◆ **Work request**
Set down only the lines from the one containing "Some of the words" through the final line of the entries below, exactly as they stand, with no pictures.

Stored items
*****

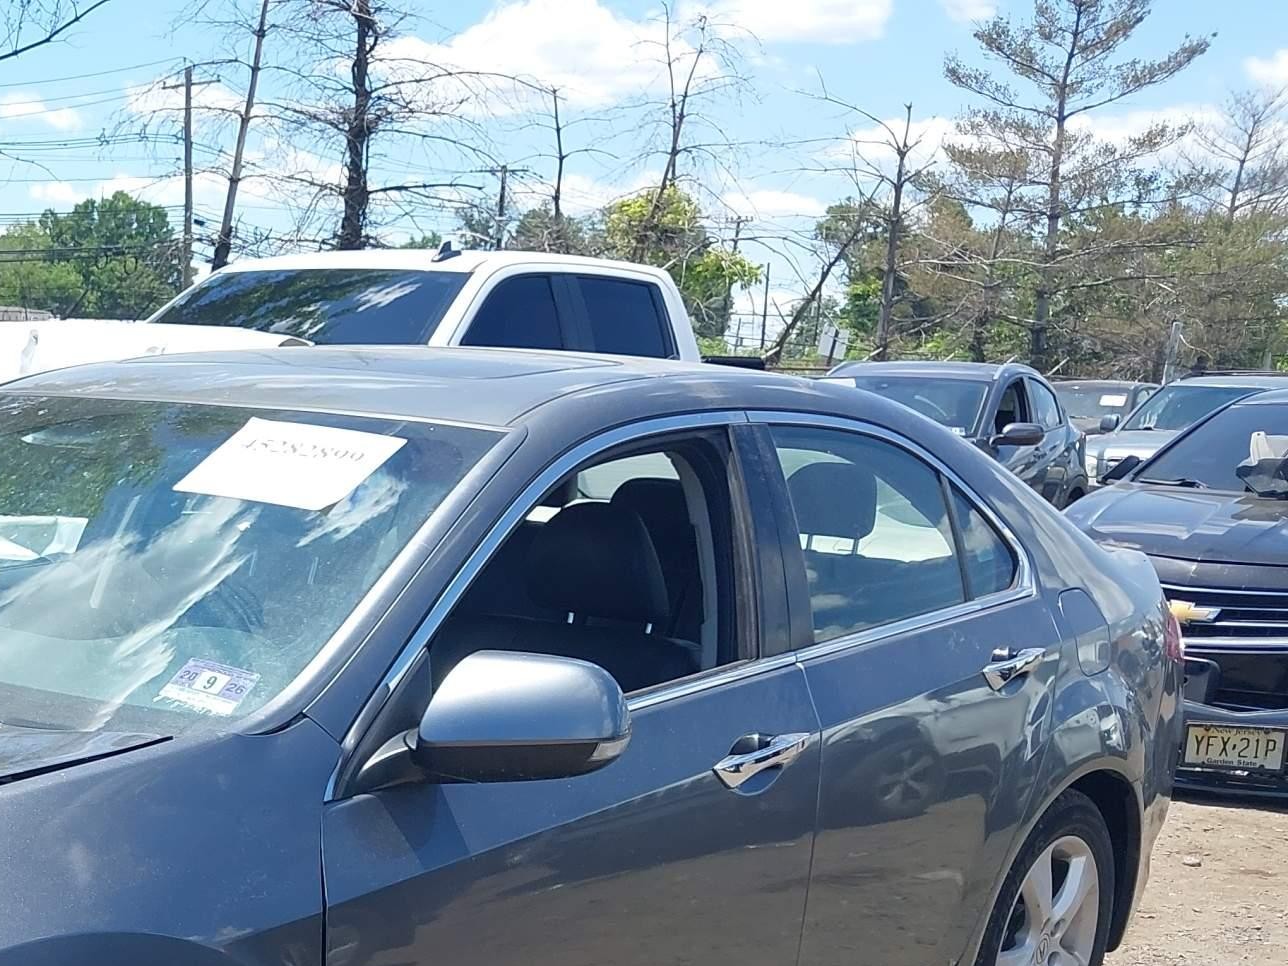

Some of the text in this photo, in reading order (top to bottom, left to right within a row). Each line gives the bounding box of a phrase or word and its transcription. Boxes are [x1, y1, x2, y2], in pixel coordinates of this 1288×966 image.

[179, 670, 199, 681] 20
[202, 675, 218, 690] 9
[225, 683, 246, 695] 26
[1212, 727, 1262, 737] New Jersey
[1206, 757, 1258, 767] Garden State
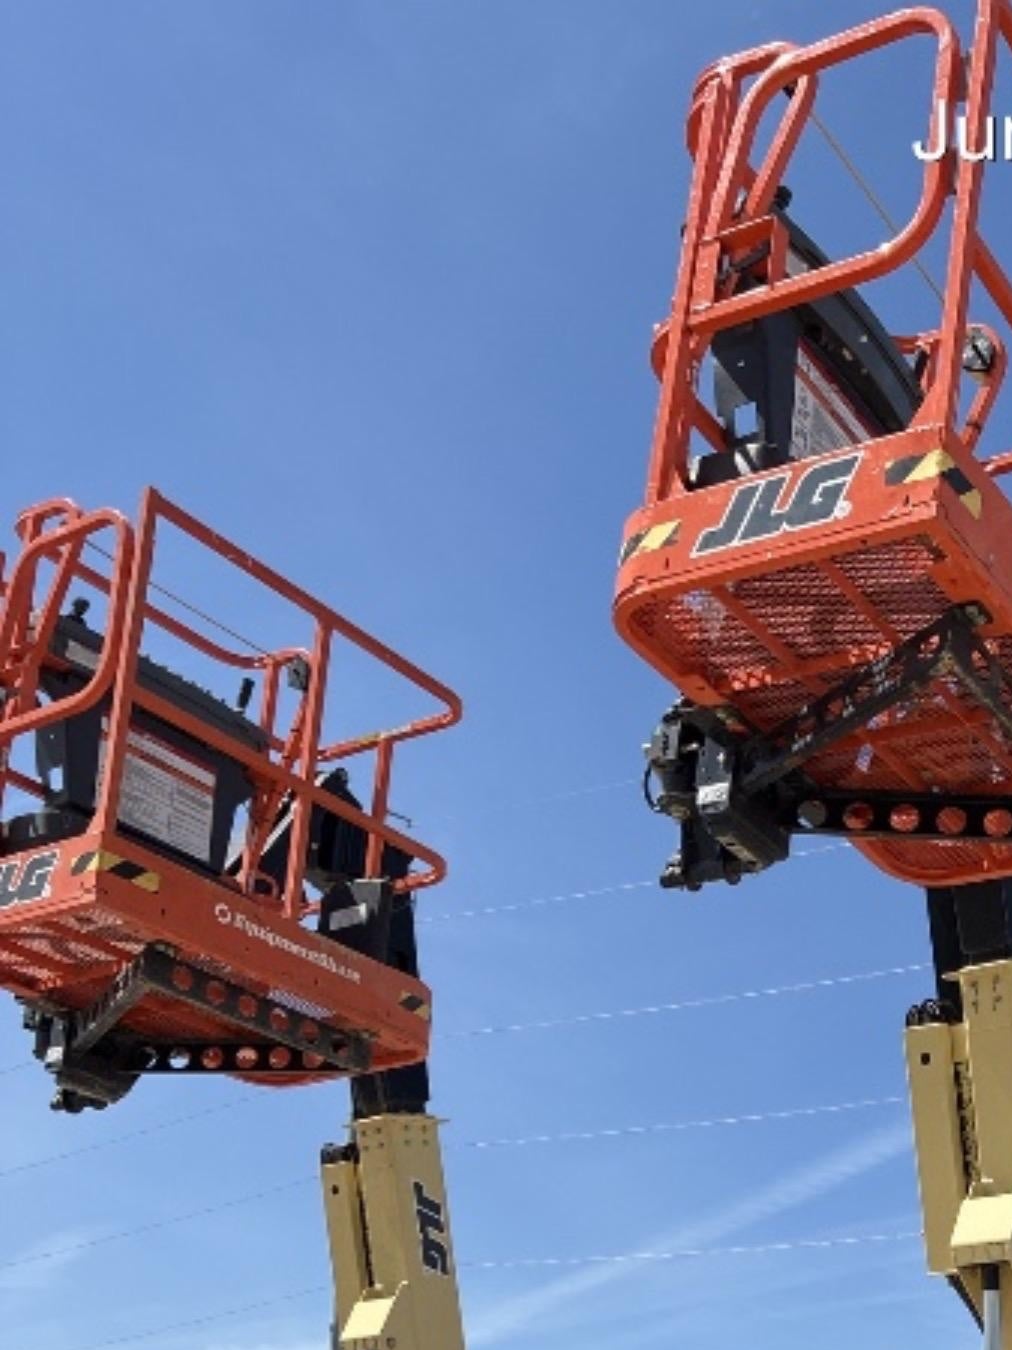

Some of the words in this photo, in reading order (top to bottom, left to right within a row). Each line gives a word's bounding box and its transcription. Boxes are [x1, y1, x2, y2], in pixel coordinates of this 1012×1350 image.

[690, 451, 866, 558] JLG
[0, 850, 58, 909] LG
[412, 1179, 449, 1276] JLG
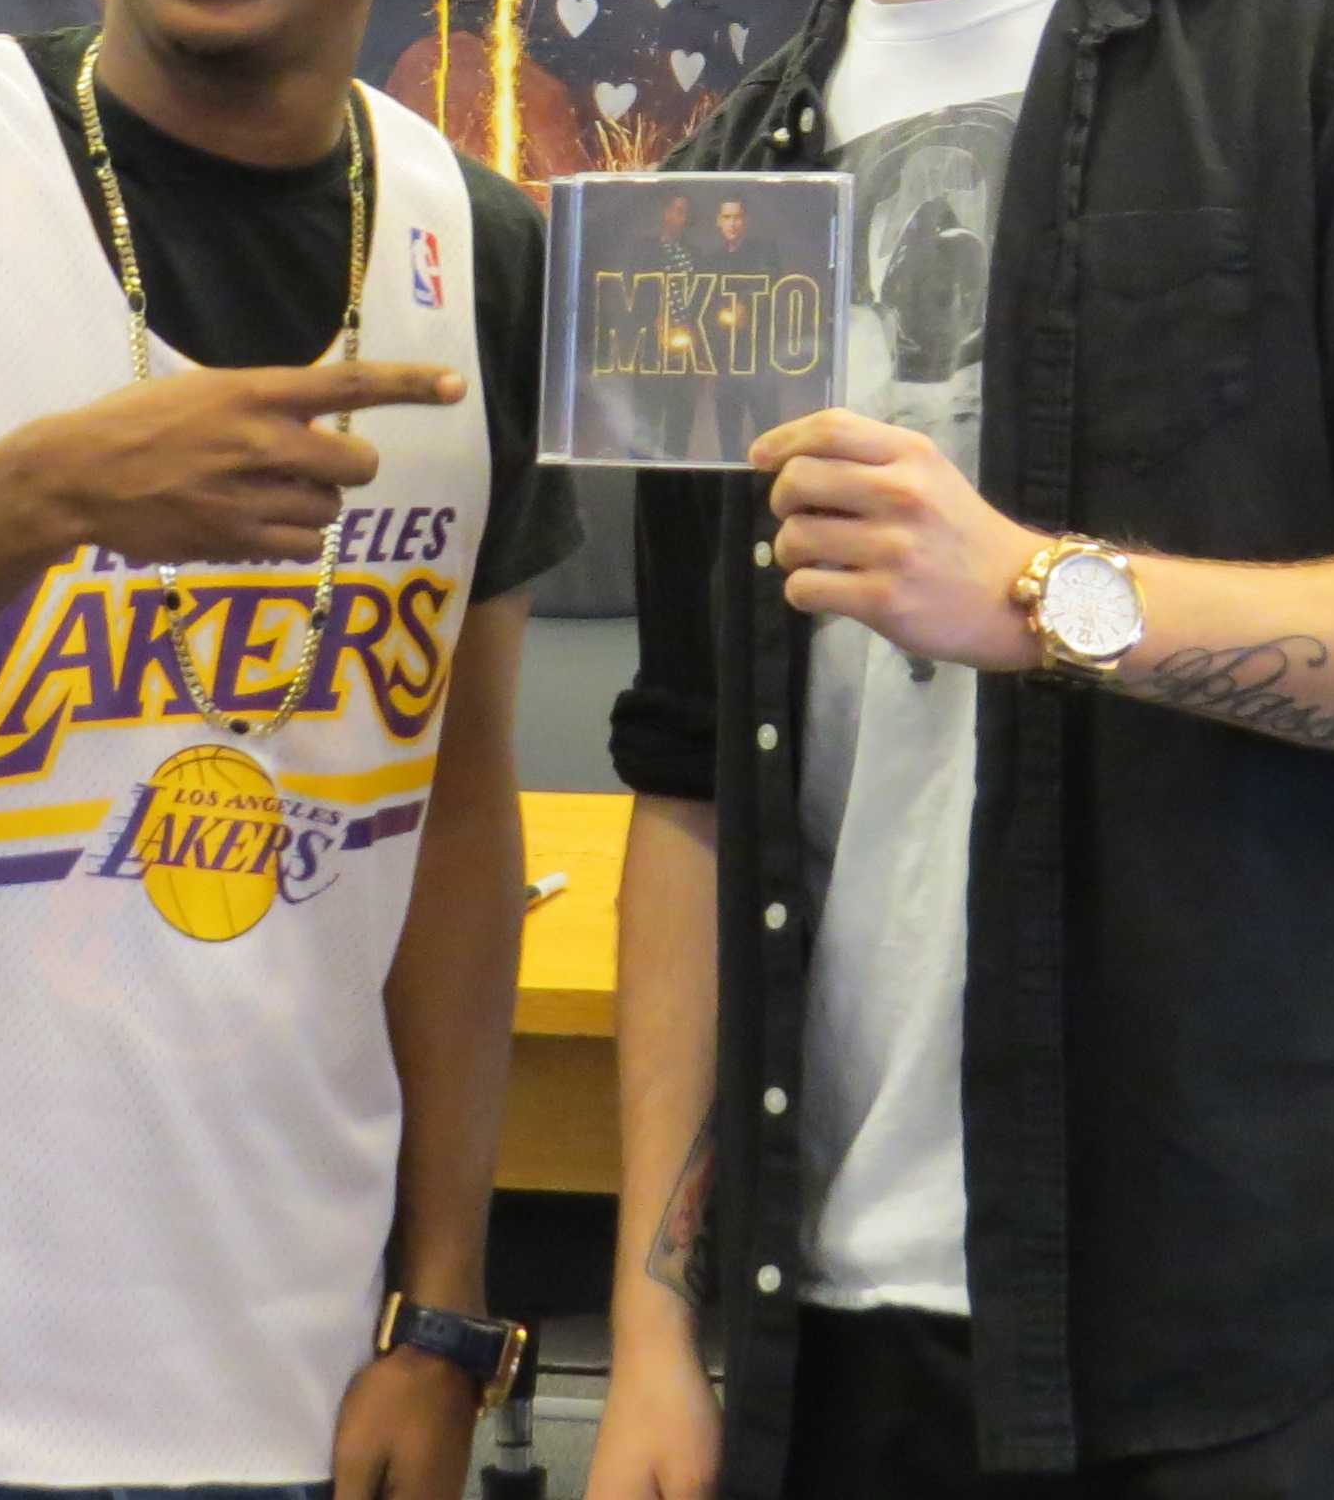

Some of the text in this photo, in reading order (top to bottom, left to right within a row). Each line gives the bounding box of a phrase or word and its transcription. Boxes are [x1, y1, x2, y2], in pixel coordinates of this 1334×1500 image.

[592, 270, 820, 376] MKTO
[86, 782, 341, 905] LAKERS
[173, 787, 344, 826] LOS ANGELES
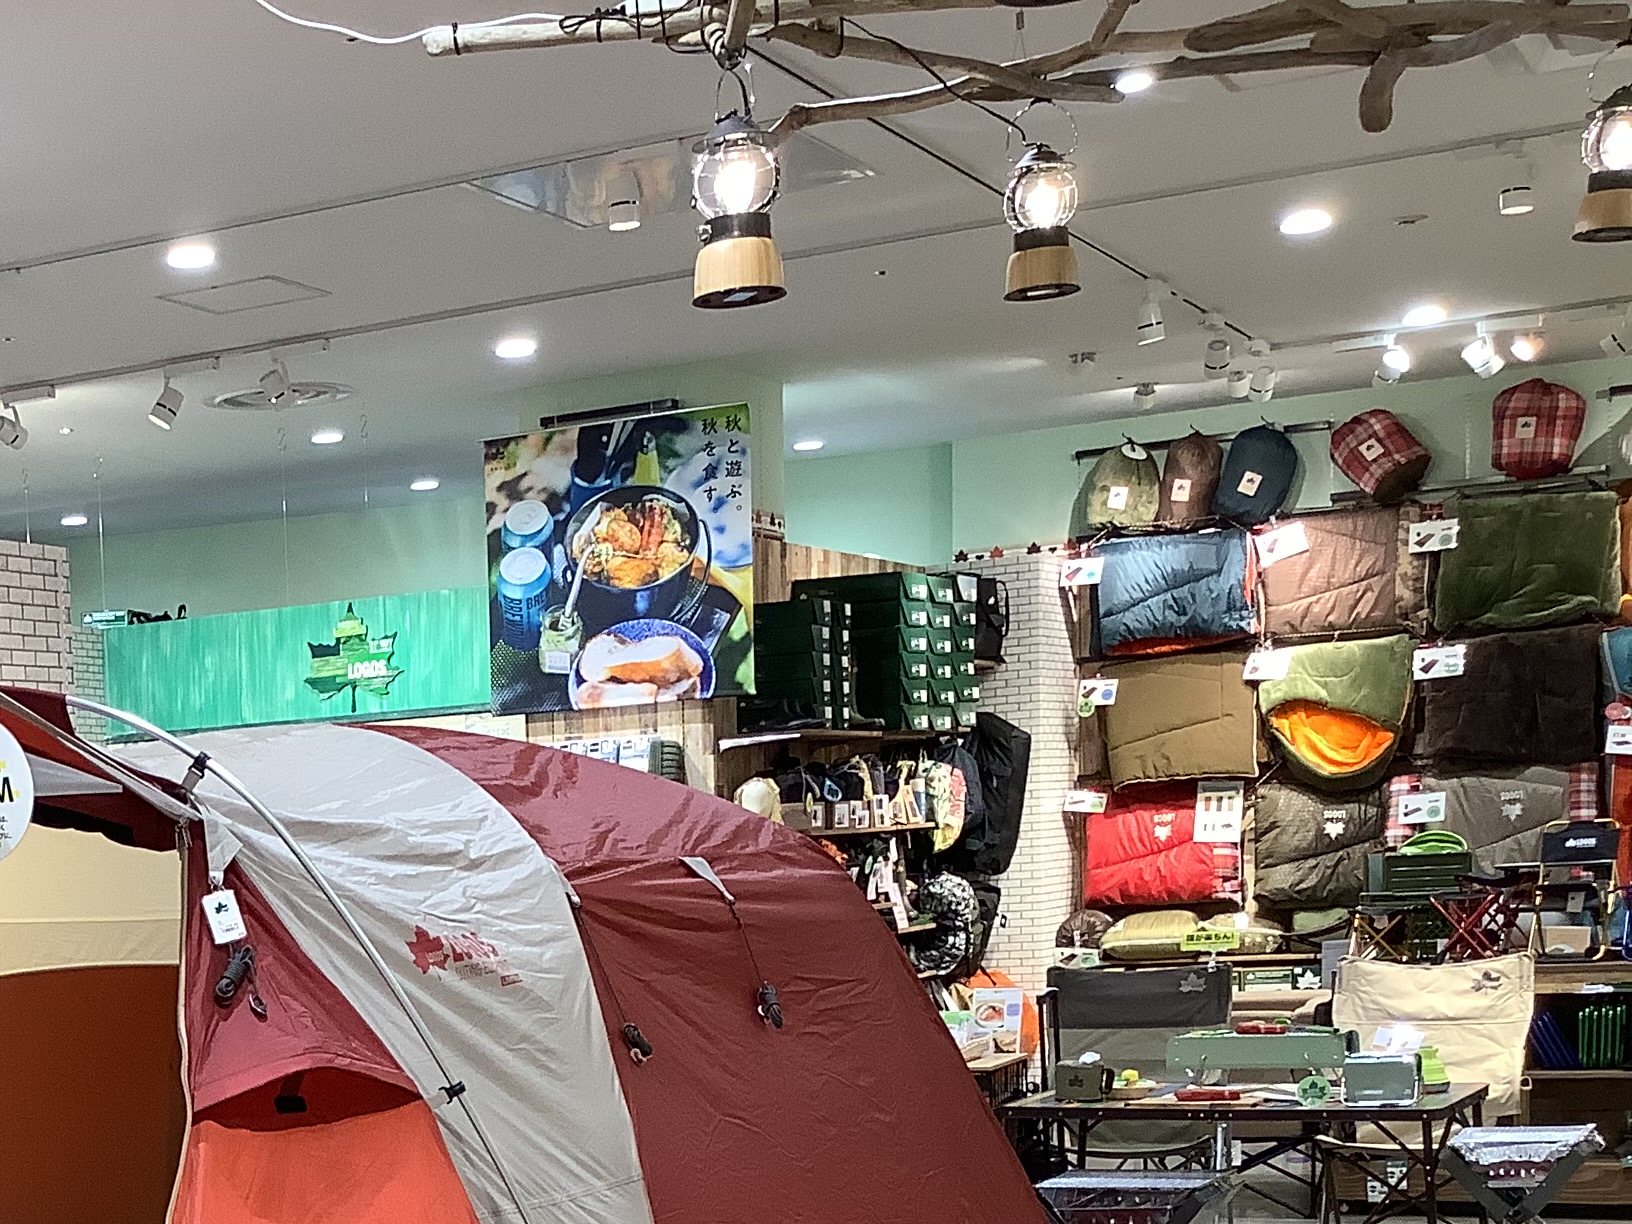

*****

◆ **Solution for this task**
Some of the words in this photo, in reading order (top to bottom, left to right within a row). Each line gives a word's bounding box and its transcription. Boxes are [x1, y1, x2, y2], in pixel coordinates of this 1012×1350 image.

[690, 451, 866, 558] JLG
[0, 850, 58, 909] LG
[412, 1179, 449, 1276] JLG

Some of the text in this photo, in reading order (top to bottom, left to right within a row). Each line gives the bounding box of a phrase or word and its transcription. Boxes are [x1, y1, x2, y2], in pixel coordinates of this 1334×1500 image.

[592, 270, 820, 376] MKTO
[86, 782, 341, 905] LAKERS
[173, 787, 344, 826] LOS ANGELES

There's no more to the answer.